Overview of interests
Dr. Burger’s research examines mechanisms involved in the pathogenesis of diabetic vascular and kidney disease. In particular, his research focuses on the role of microparticles in these processes. Microparticles are small (0.1-1.0μm) fragments of membrane that are shed from cells under conditions of stress or injury. Previous research from Dr. Burger and others has shown that microparticles may serve as biomarkers of underlying disease and that, once shed, exert deleterious biological effects on target cells.
Accomplishments / Awards
Dr. Burger was the recipient of the July 2014 New Investigator Award from the KRESCENT program (kidney research scientist core education and national training program) which is a joint initiative through the Kidney Foundation of Canada, Canadian Society of Nephrology and the Canadian Institute of Health Research.

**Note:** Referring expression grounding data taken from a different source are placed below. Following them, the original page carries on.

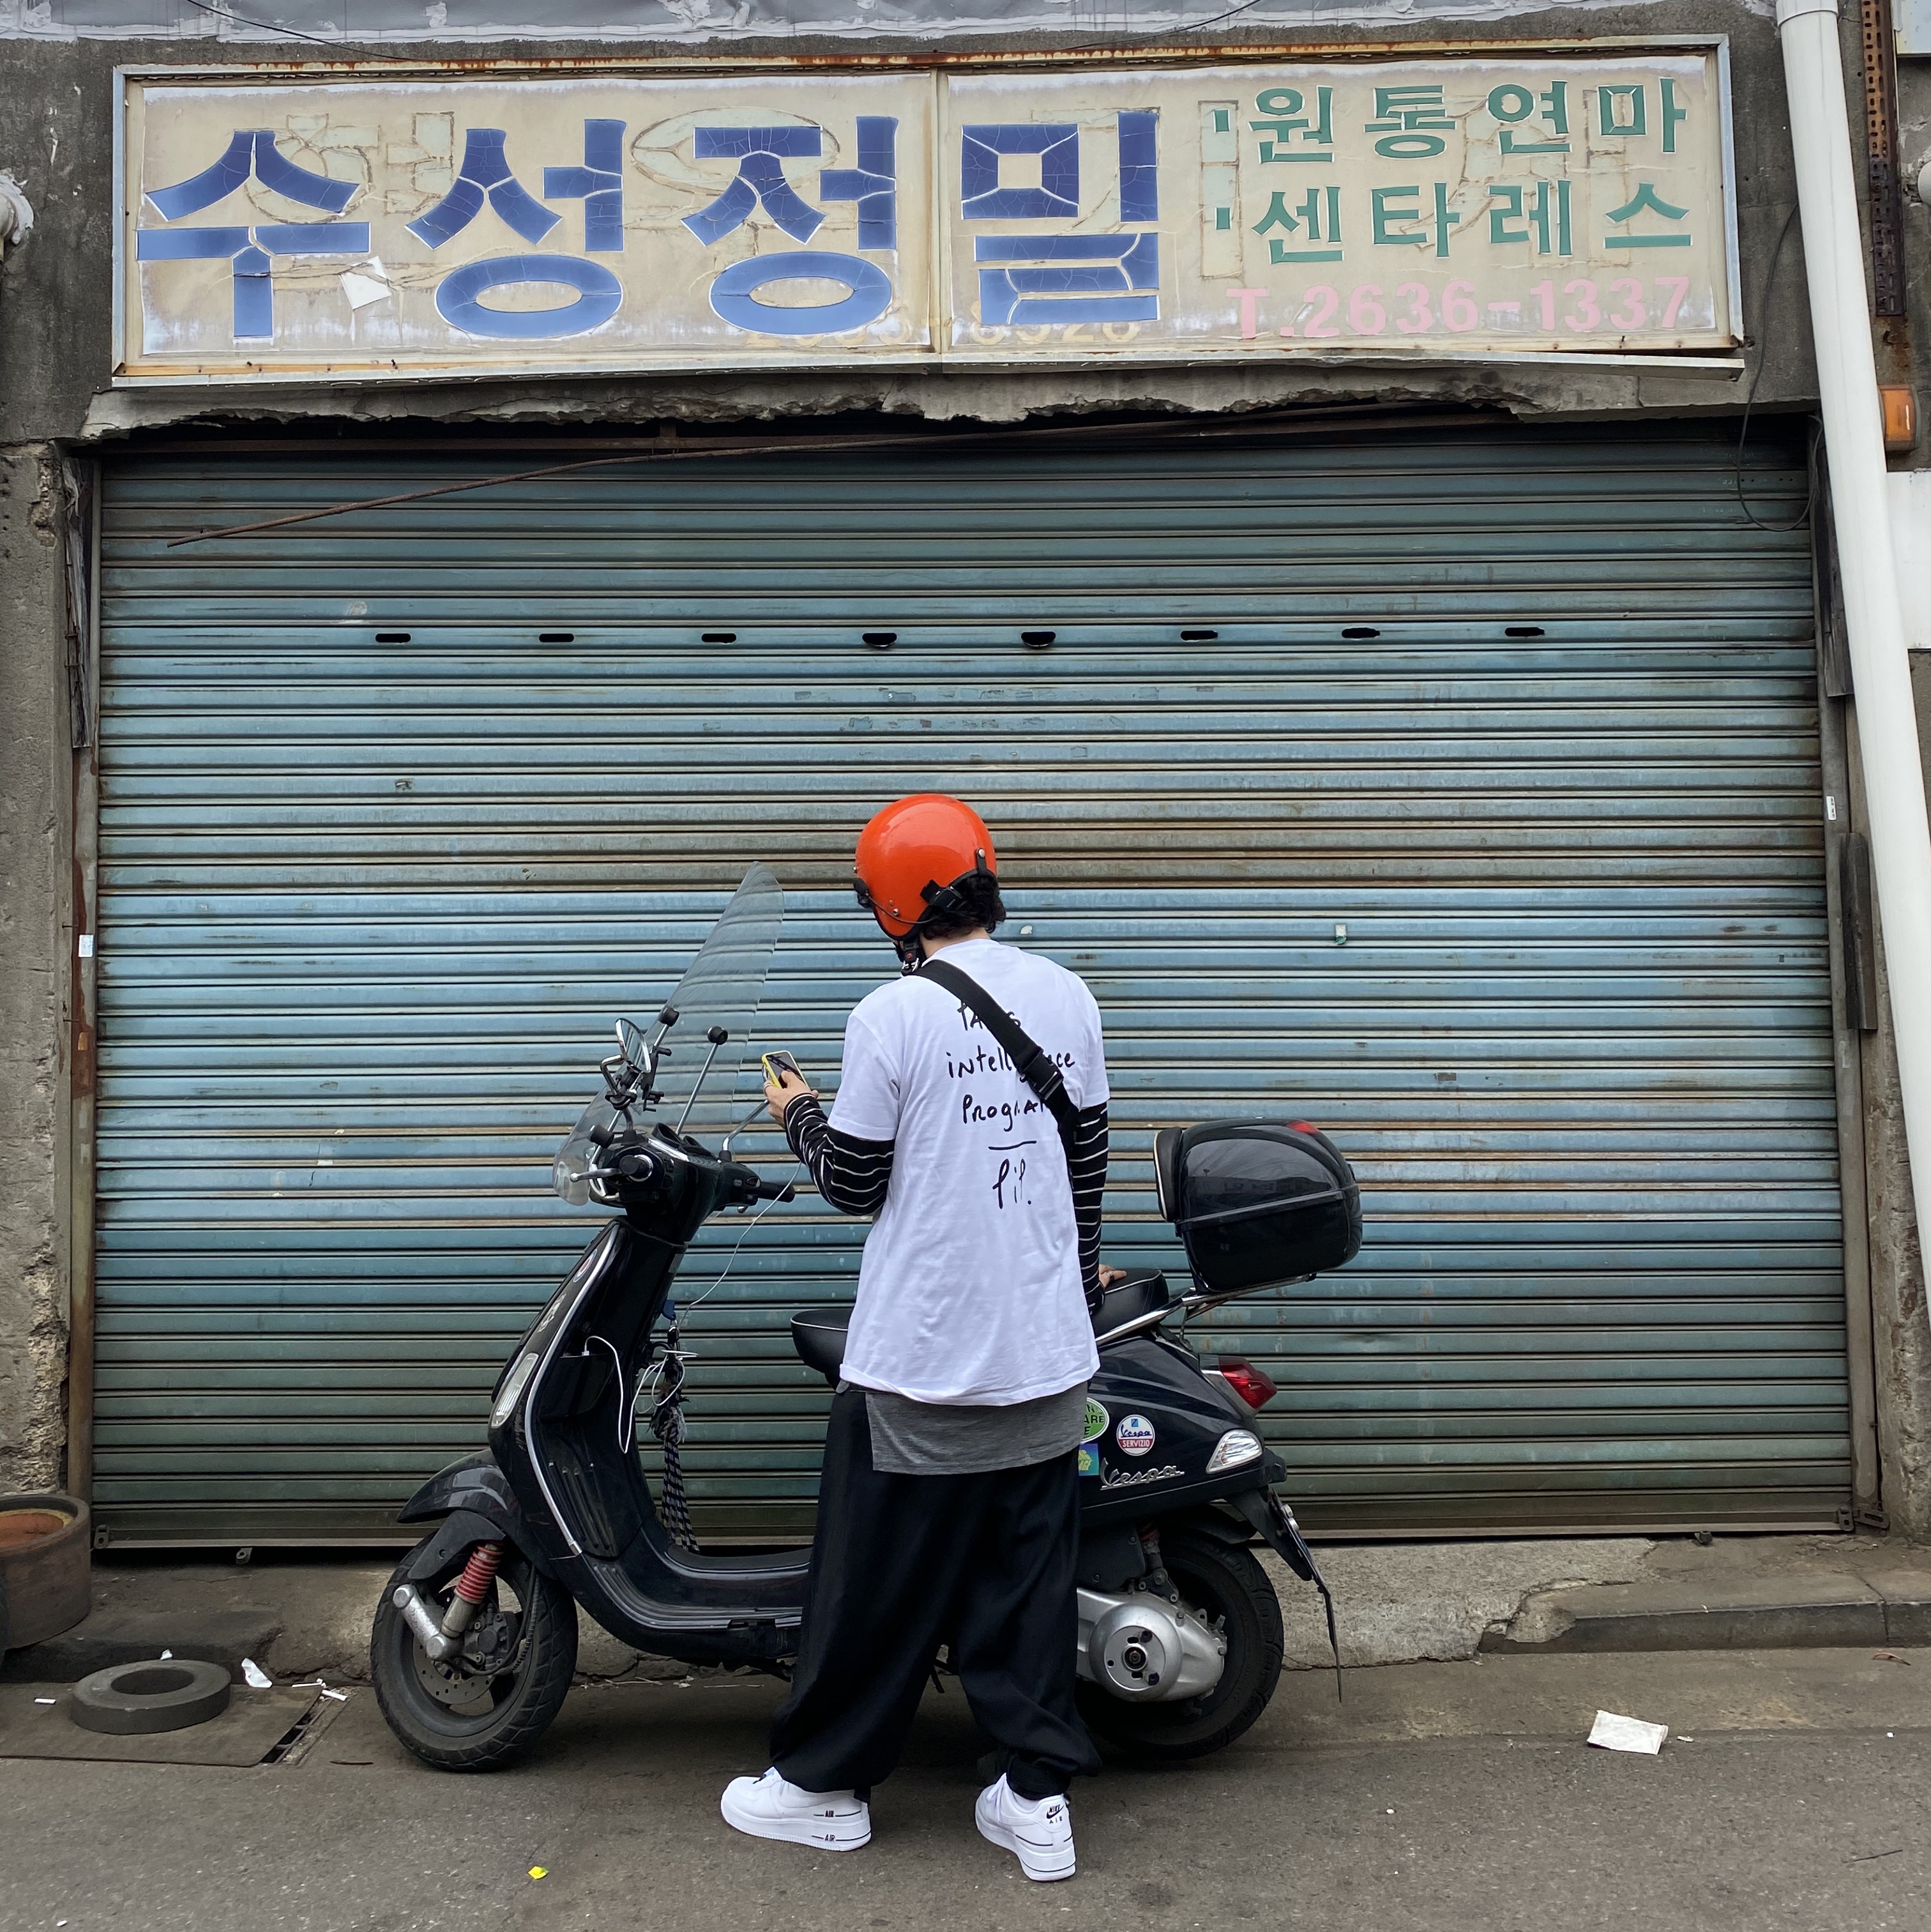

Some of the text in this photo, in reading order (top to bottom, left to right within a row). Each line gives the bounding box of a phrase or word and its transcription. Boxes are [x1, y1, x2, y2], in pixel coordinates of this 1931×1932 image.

[1248, 77, 1688, 165] 원통연마
[136, 110, 1160, 340] 수상정밀
[1251, 179, 1693, 265] 센타레스
[1225, 275, 1691, 340] T.2636-1337
[1120, 1424, 1153, 1438] Vespa
[1122, 1440, 1151, 1448] SERVIZIO
[1099, 1457, 1185, 1491] Vespa

Scientific breakthroughs / Impact
Dr. Burger’s laboratory was the first to obtain evidence that microparticles are released from podocytes and found in the urine of diabetic mice (Burger et al.- J Am Soc Nephrol 2014). Importantly, podocyte microparticles increase with renal injury but precede development of albuminuria which is currently the earliest clinical sign of kidney damage in diabetes. They are hoping to adapt this methodology for earlier detection of diabetic kidney disease.
Dr. Burger’s research is supported by The Canadian Diabetes Association (CDA) as well as the Kidney Foundation of Canada (KFC).